Média : Bulletin d'information du ministère des affaires étrangères - Bulletin d'information du ministère des affaires étrangères

Texte intégral

Les ministres des affaires étrangères de l'Algérie, l'Espagne, la France, l'Italie, la Jamahyria arabe libyenne, le Maroc, la Mauritanie, le Portugal et la Tunisie, ainsi que le ministre des affaires étrangères de Malte, en sa qualité de pays associé, se sont réunis le 10 octobre 1990 à Rome à l'invitation du gouvernement italien. La réunion des ministres des affaires étrangères a été précédée le 8 octobre d'une réunion préparatoire au niveau des hauts fonctionnaires.
- 1 - Les ministres des affaires étrangères des pays membres de l'UMA et des quatre pays européens, membres de la CEE, ainsi que de Malte, se sont félicités de la tenue de cette première réunion qui constitue l'aboutissement d'un processus intense de concertations. ILs considèrent que les évolutions positives intervenues en Europe et au Maghreb ont directement contribué à l'aboutissement de leurs efforts communs. Ils ont estimé qu'il est d'une grande importance de mettre à profit les potentialités offertes par le nouveau contexte régional en Méditerranée occidentale pour intensifier davantage leurs efforts pour asseoir un cadre de dialogue et de coopération sur des bases durables.

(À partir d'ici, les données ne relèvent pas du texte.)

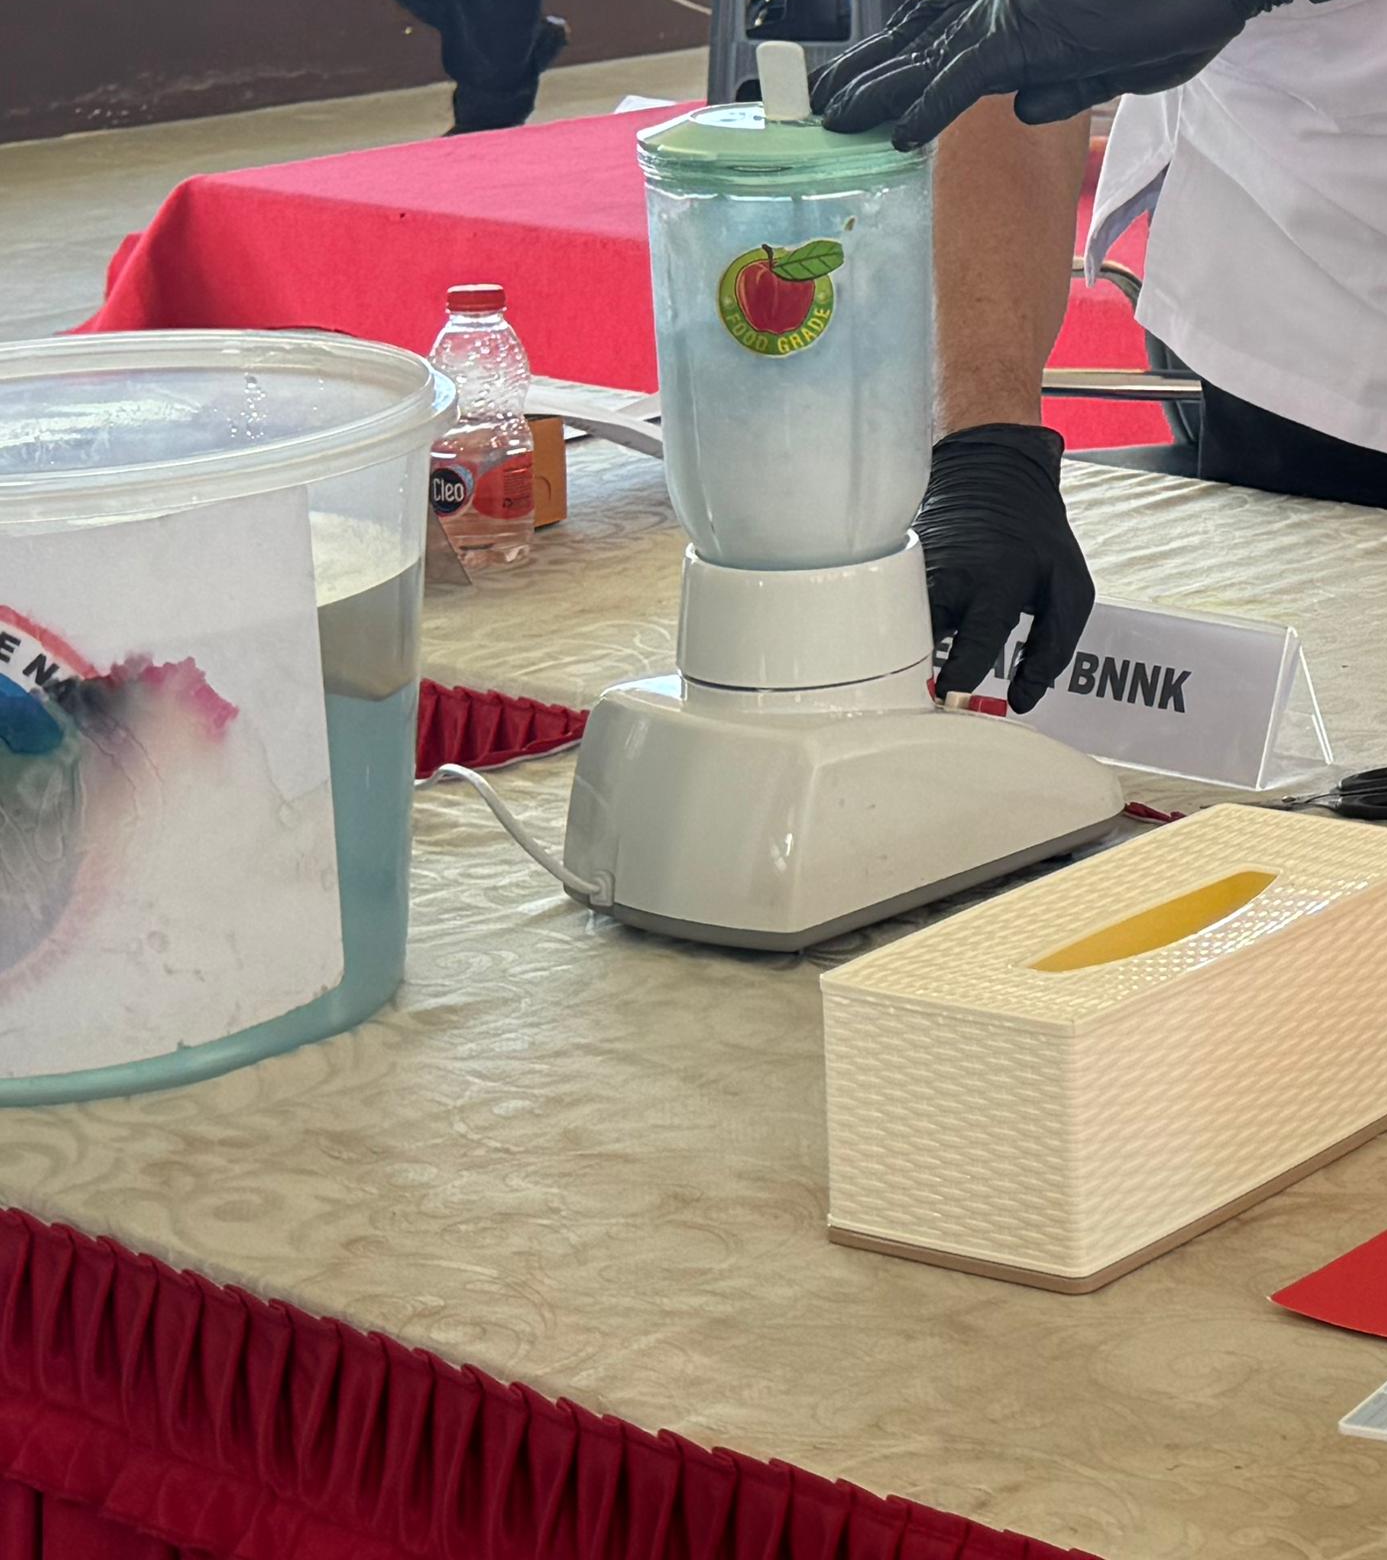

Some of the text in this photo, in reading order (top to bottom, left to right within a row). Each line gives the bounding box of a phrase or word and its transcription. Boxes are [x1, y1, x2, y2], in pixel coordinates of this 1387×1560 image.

[726, 307, 832, 354] FOOD GRADE
[433, 477, 466, 502] Cleo
[1067, 651, 1192, 714] BNNK
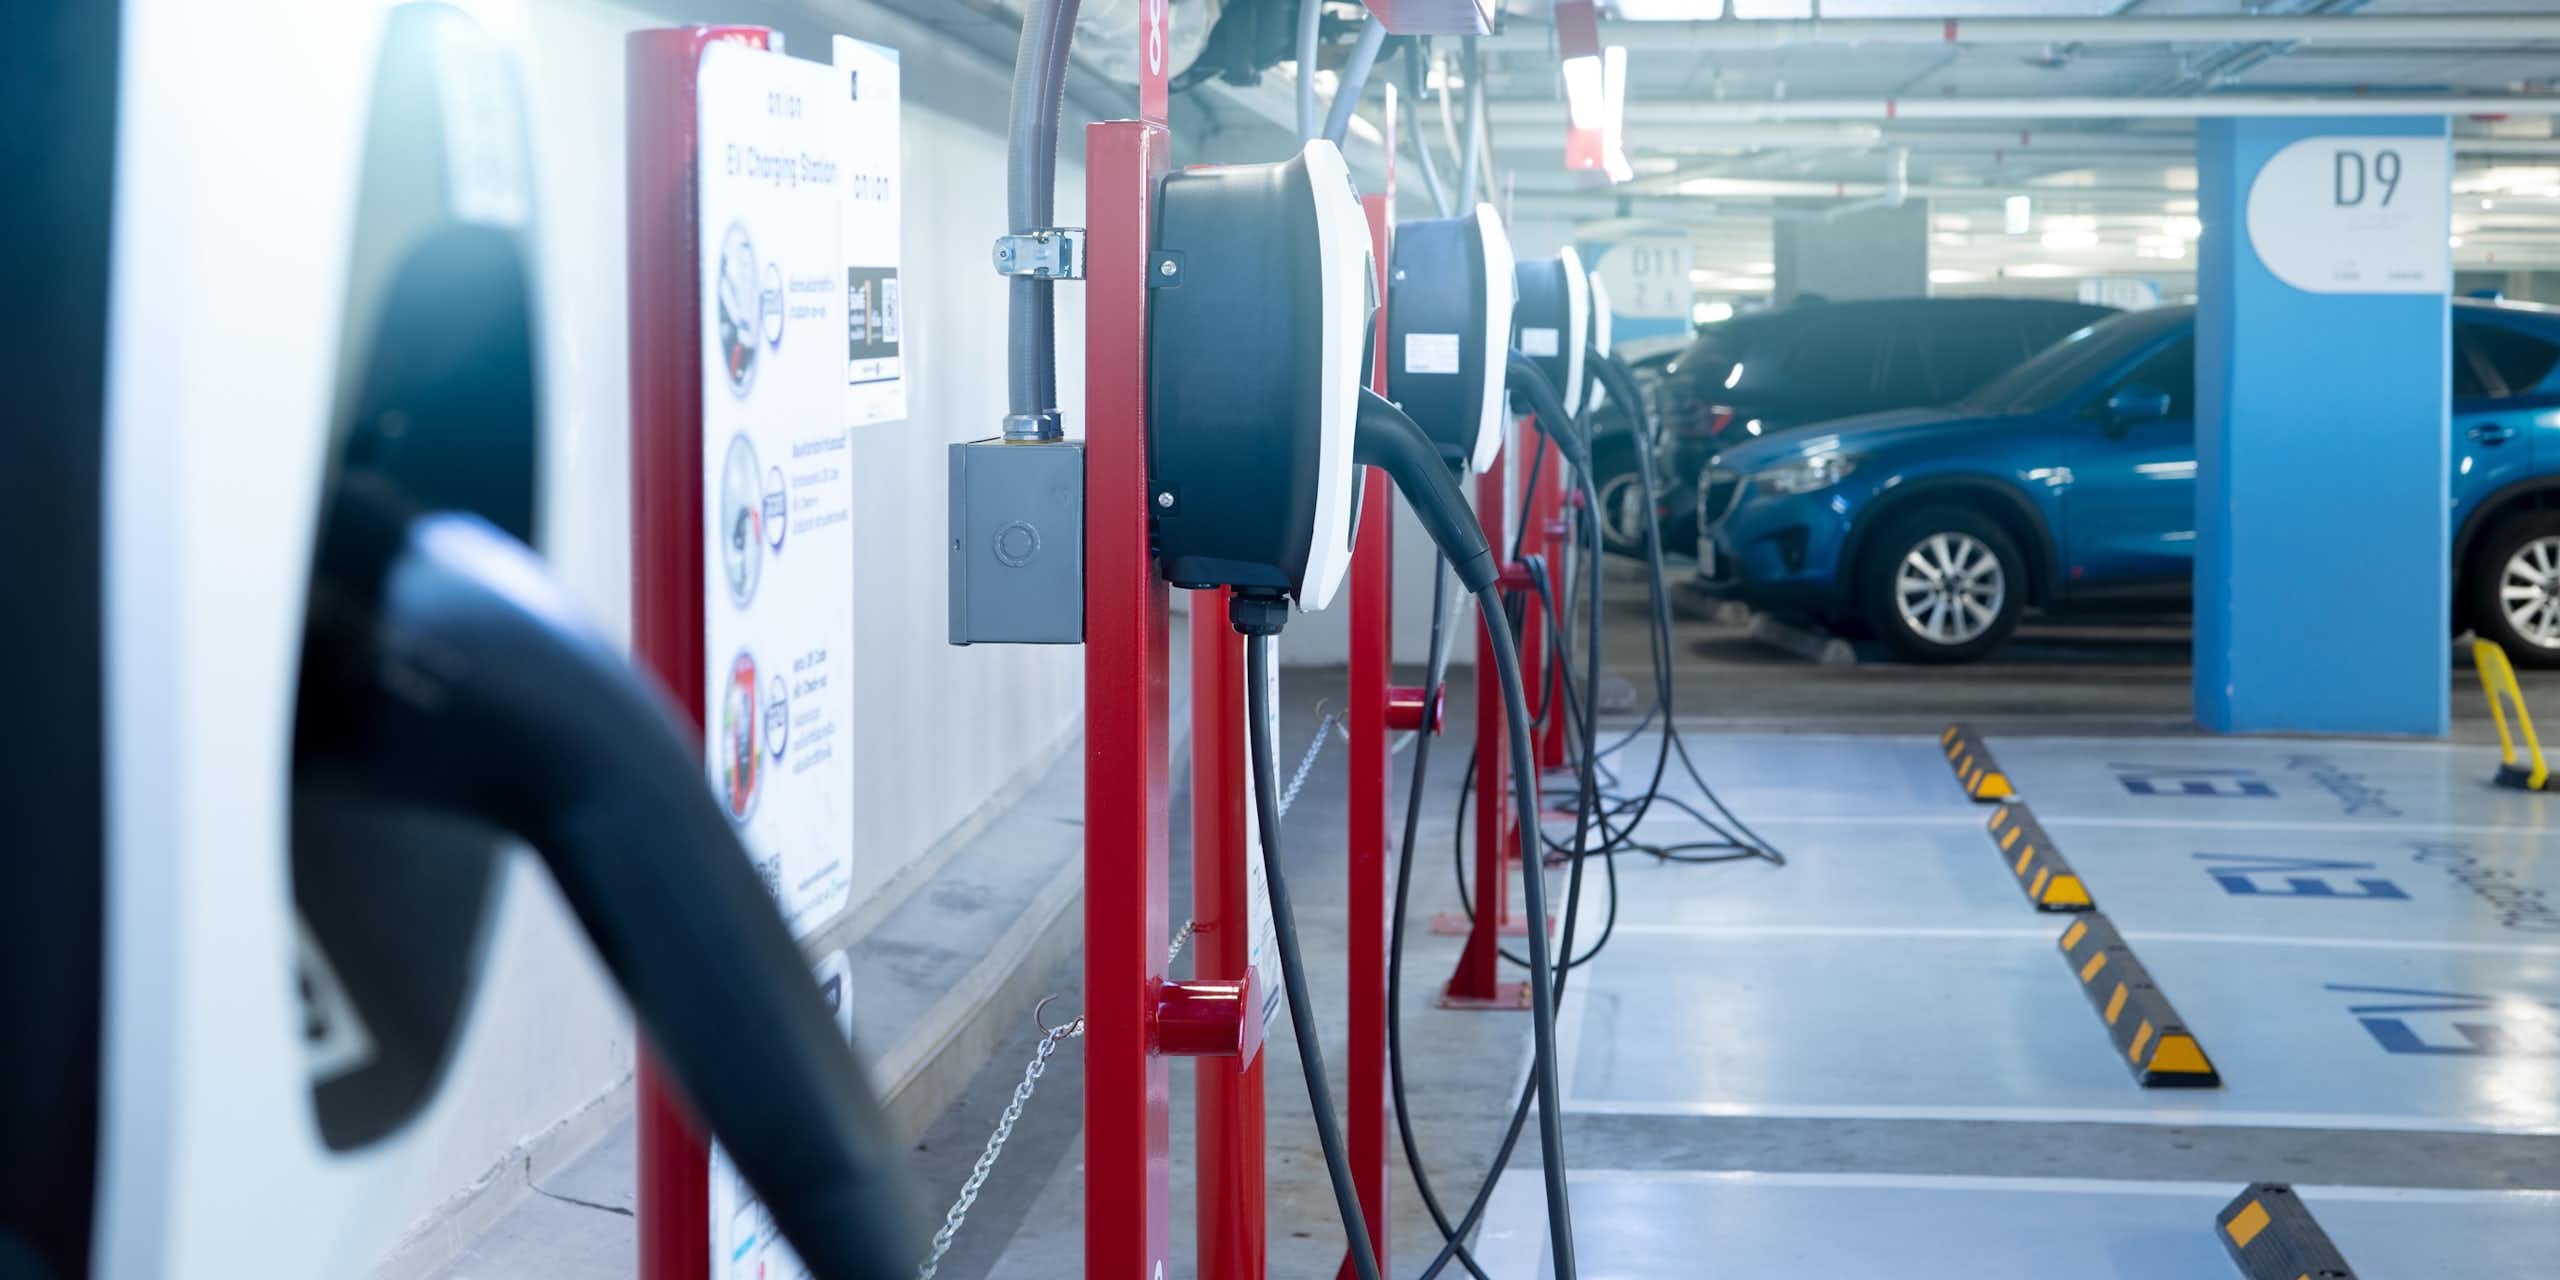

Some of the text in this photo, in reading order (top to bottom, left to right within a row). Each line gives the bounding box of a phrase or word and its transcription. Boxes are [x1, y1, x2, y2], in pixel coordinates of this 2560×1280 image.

[748, 146, 797, 188] Charging
[2334, 149, 2402, 207] D9
[1632, 247, 1680, 278] D11
[2108, 762, 2280, 797] EV
[2192, 852, 2414, 901] EV

- 2 - Les ministres ont exprimé l'attachement de leurs pays aux principes de la globalité et de l'indivisibilité de la sécurité en Méditerranée et sont convenus d'inscrire leur action dans le cadre de la promotion de la paix et de la coopération dans toute la région.
- Ils estiment que la question de la sécurité en Méditerranée doit être considérée dans le contexte plus large de la sécurité internationale et qu'elle est étroitement liée à celle de la région tout entière. Compte tenu des processus favorables en matière de sécurité et coopération qui se développent en Europe les pays méditerranéens devraient en bénéficier.
- 3 - Les ministres des affaires étrangères ont dûment pris en considération les caractéristiques et spécificités de la Méditerranée occidentale et ont décidé de les valoriser pour faire de cette région une aire de paix, de coopération et de stabilité. Ils sont convaincus que les avantages qui en résultent pour chaque pays et pour la sous-région de la Méditerranée occidentale en termes de stabilité politique et de progrès économique, social et culturel pourront contribuer à la transformation de la Méditerranée en une zone de paix et de coopération.
- 4 - Ils ont souligné que les processus d'intégration de l'Europe des Douze et celui engagé au sein de l'UMA constituent des facteurs de nature à contribuer à la réduction des tensions, au renforcement du bon voisinage et à l'expansion du progrès économique, social et culturel.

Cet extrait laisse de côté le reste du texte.